The article reads: “It has become a regular part of our news cycle, not distinct from or extraneous to it but a part of it, embedded within the news apparatus as a spoke is embedded in a bicycle wheel.
“Whenever you turn on a news station, visit a news website, or check in on a journalist or media personality on Twitter or Facebook, there is an excellent chance you will be exposed to fake news. It is rapidly becoming an accepted part of the way the American media are run.”

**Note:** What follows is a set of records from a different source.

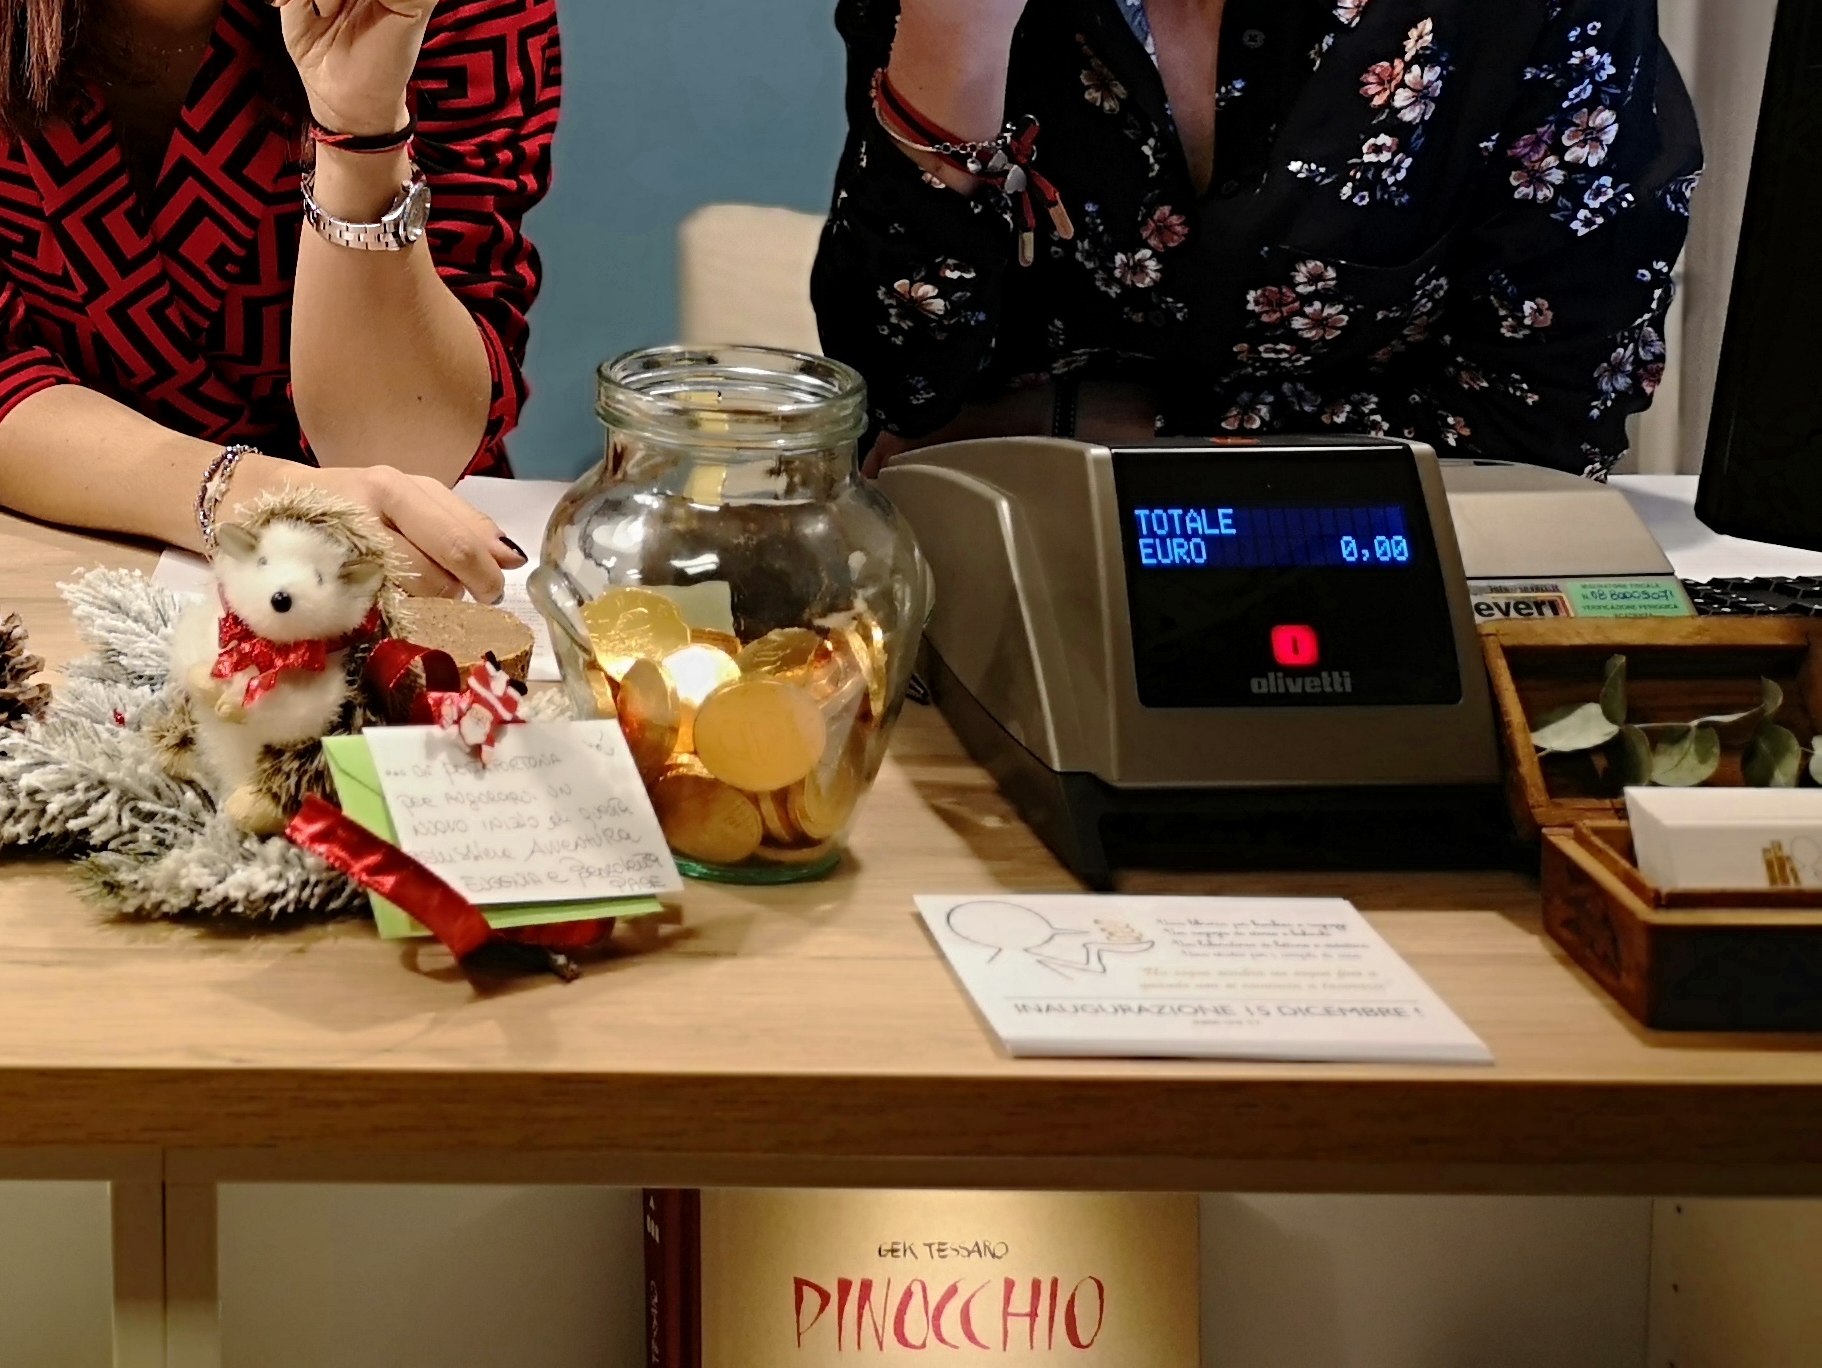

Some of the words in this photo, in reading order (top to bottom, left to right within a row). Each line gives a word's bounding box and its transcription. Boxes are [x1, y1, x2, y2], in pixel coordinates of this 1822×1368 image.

[1134, 508, 1236, 535] TOTALE
[1138, 537, 1207, 564] EURO
[1340, 535, 1408, 561] 0,00
[1250, 671, 1352, 693] olivetti
[1014, 1002, 1235, 1017] INAUGURAZIONE
[878, 1240, 918, 1259] GEK
[924, 1240, 1009, 1260] TESSARO
[793, 1275, 1105, 1352] PINOCCHIO
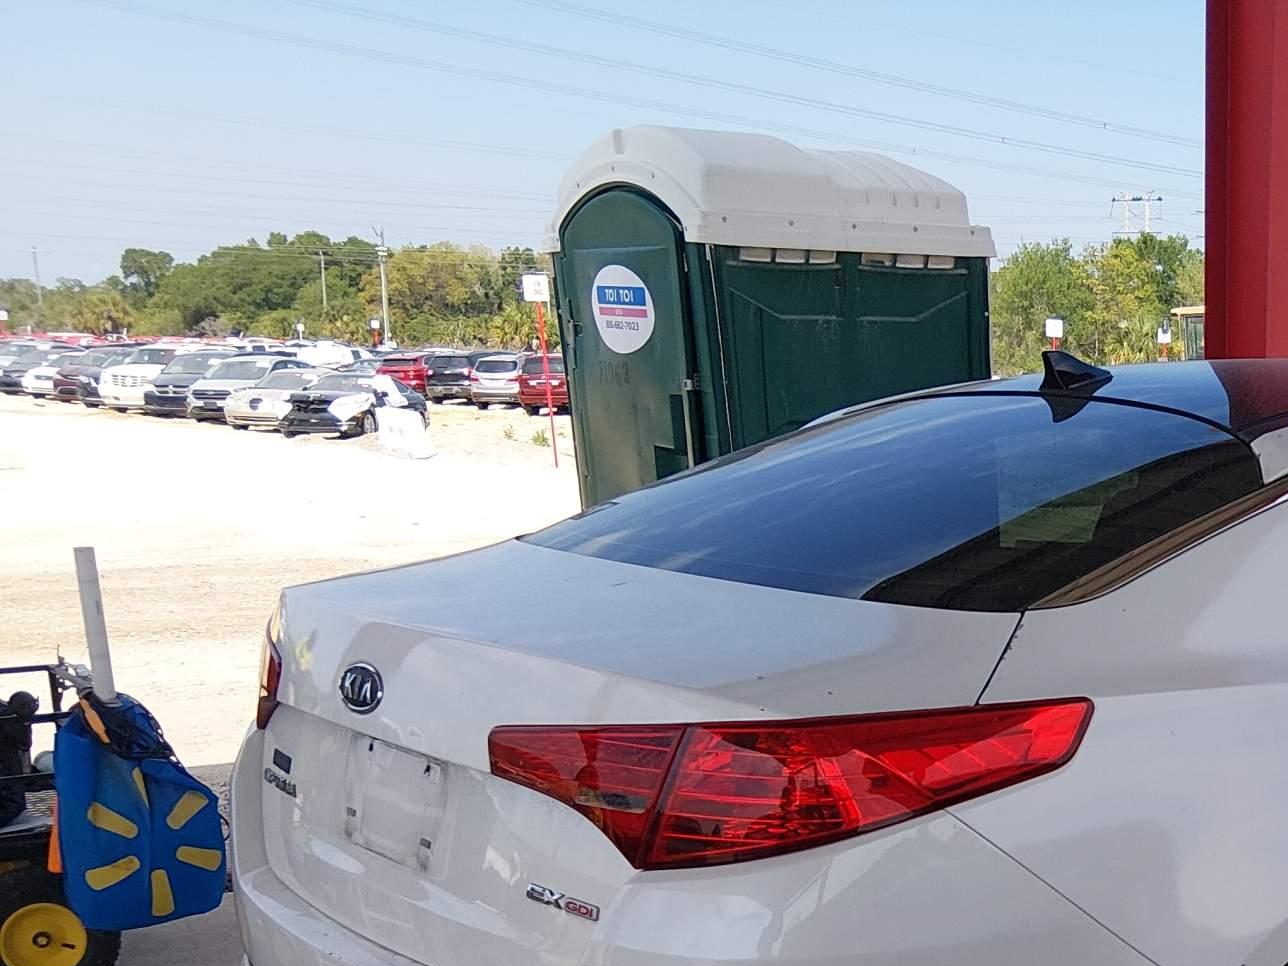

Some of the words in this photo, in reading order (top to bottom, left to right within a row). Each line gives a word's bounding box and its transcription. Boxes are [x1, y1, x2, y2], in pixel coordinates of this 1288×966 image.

[605, 288, 617, 302] TOI
[619, 289, 634, 303] TOI
[344, 672, 372, 704] KIA
[526, 882, 565, 911] EX
[565, 901, 594, 918] GDI
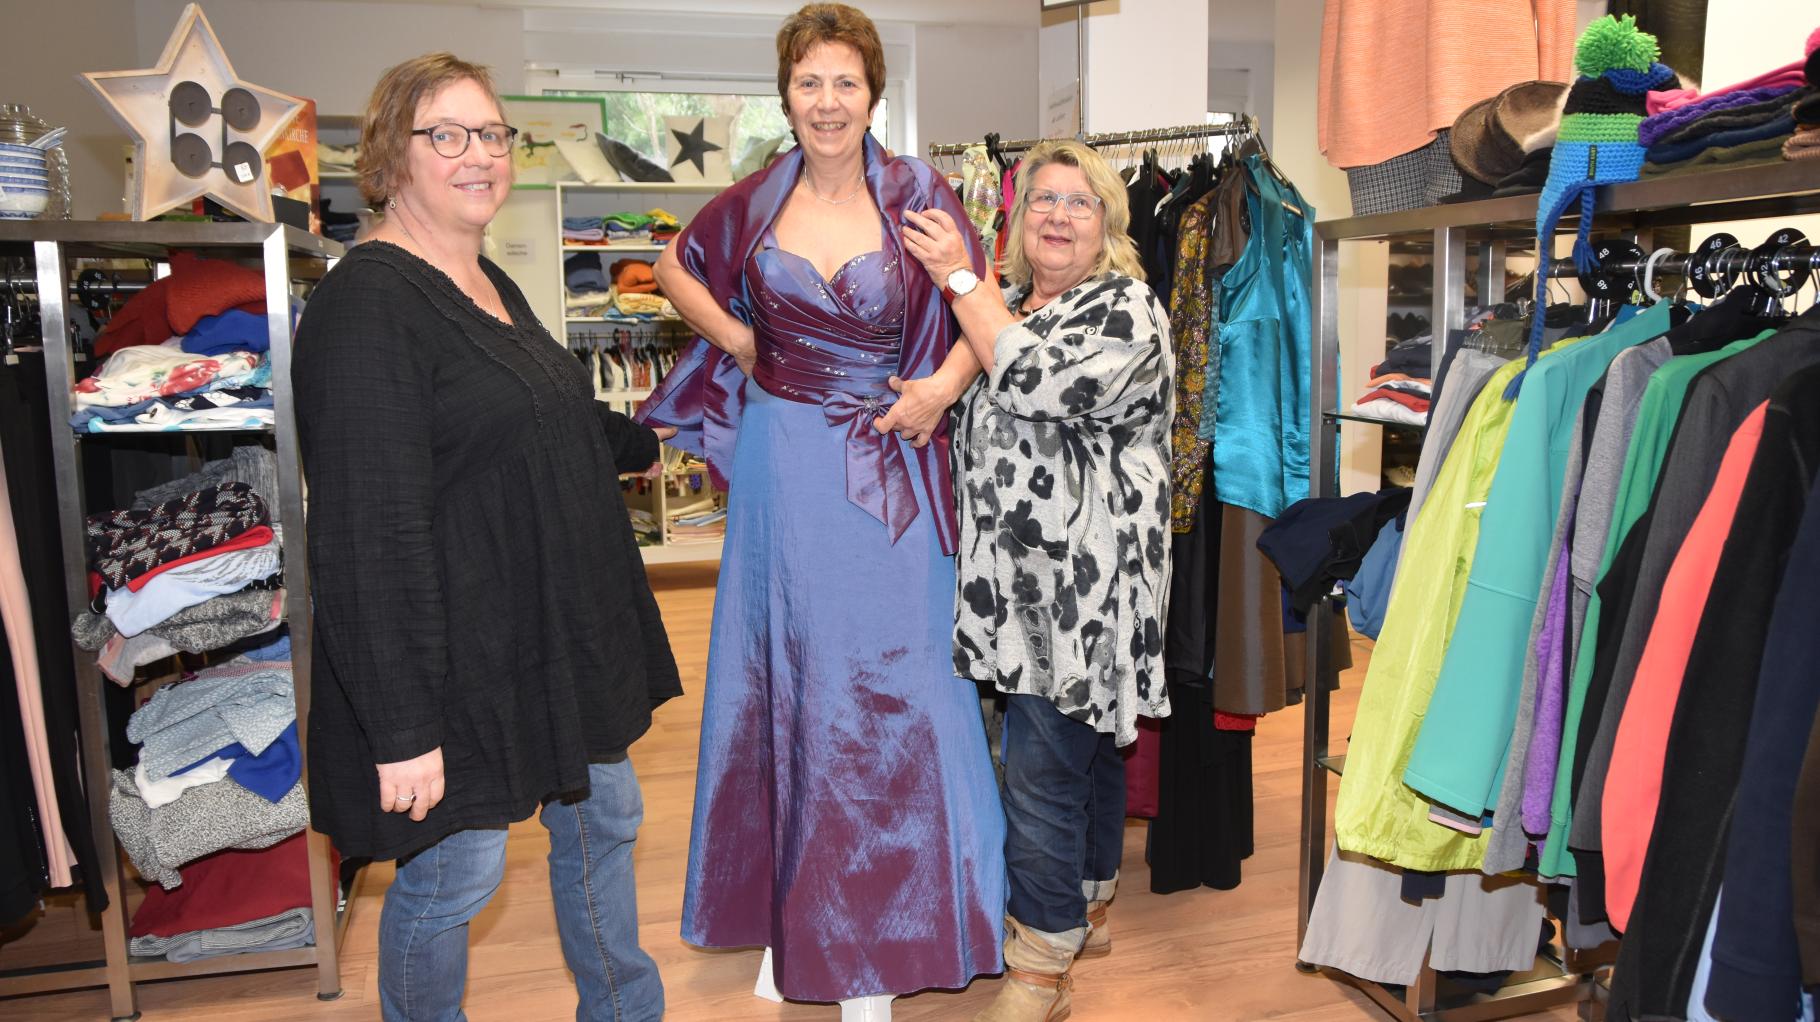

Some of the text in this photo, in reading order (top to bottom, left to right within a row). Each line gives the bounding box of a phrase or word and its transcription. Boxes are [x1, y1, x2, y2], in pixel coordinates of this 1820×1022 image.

[1709, 238, 1722, 250] 46
[1777, 234, 1789, 244] 42
[1599, 247, 1610, 259] 48
[1694, 266, 1703, 280] 46
[1597, 279, 1608, 290] 48
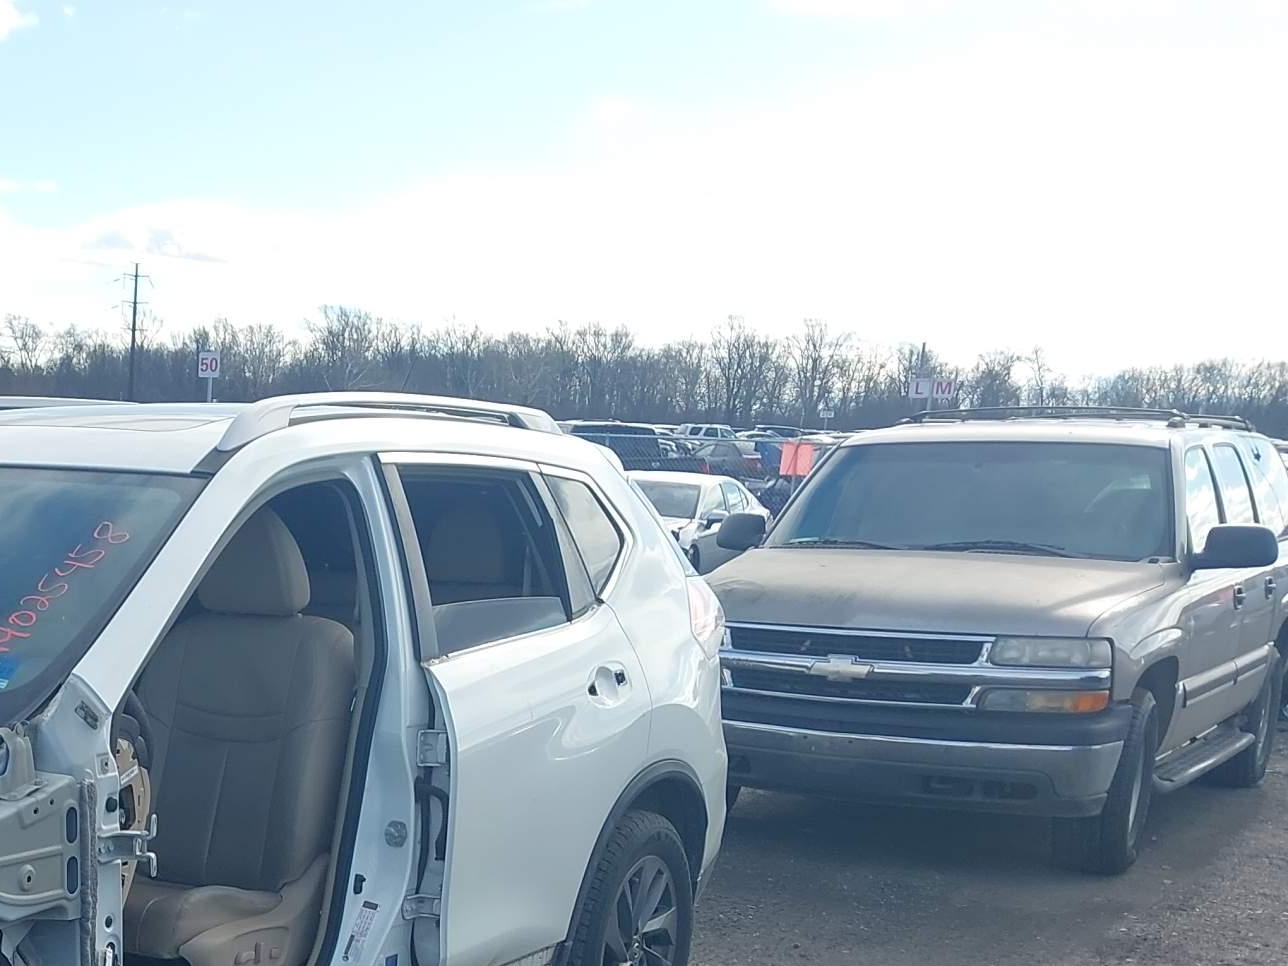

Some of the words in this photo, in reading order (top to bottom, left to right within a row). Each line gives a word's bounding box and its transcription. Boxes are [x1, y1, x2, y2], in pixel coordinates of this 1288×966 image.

[200, 357, 218, 373] 50
[915, 381, 924, 395] L
[935, 381, 953, 395] M

Let's note a few examples.
Fake news: transgender suicides rose due to Trump win: The article continues: “After Trump’s electoral victory on November 8, rumors began circulating that multiple transgender teenagers had killed themselves in response to the election results. There was no basis to these rumors. Nobody was able to confirm them at the time, and nobody has been able to confirm [them] in the three months since Trump was elected . . . The stories hyping this idea garnered at least nearly 100,000 shares on Facebook alone, contributing to the fear and hysteria surrounding Trump’s win.”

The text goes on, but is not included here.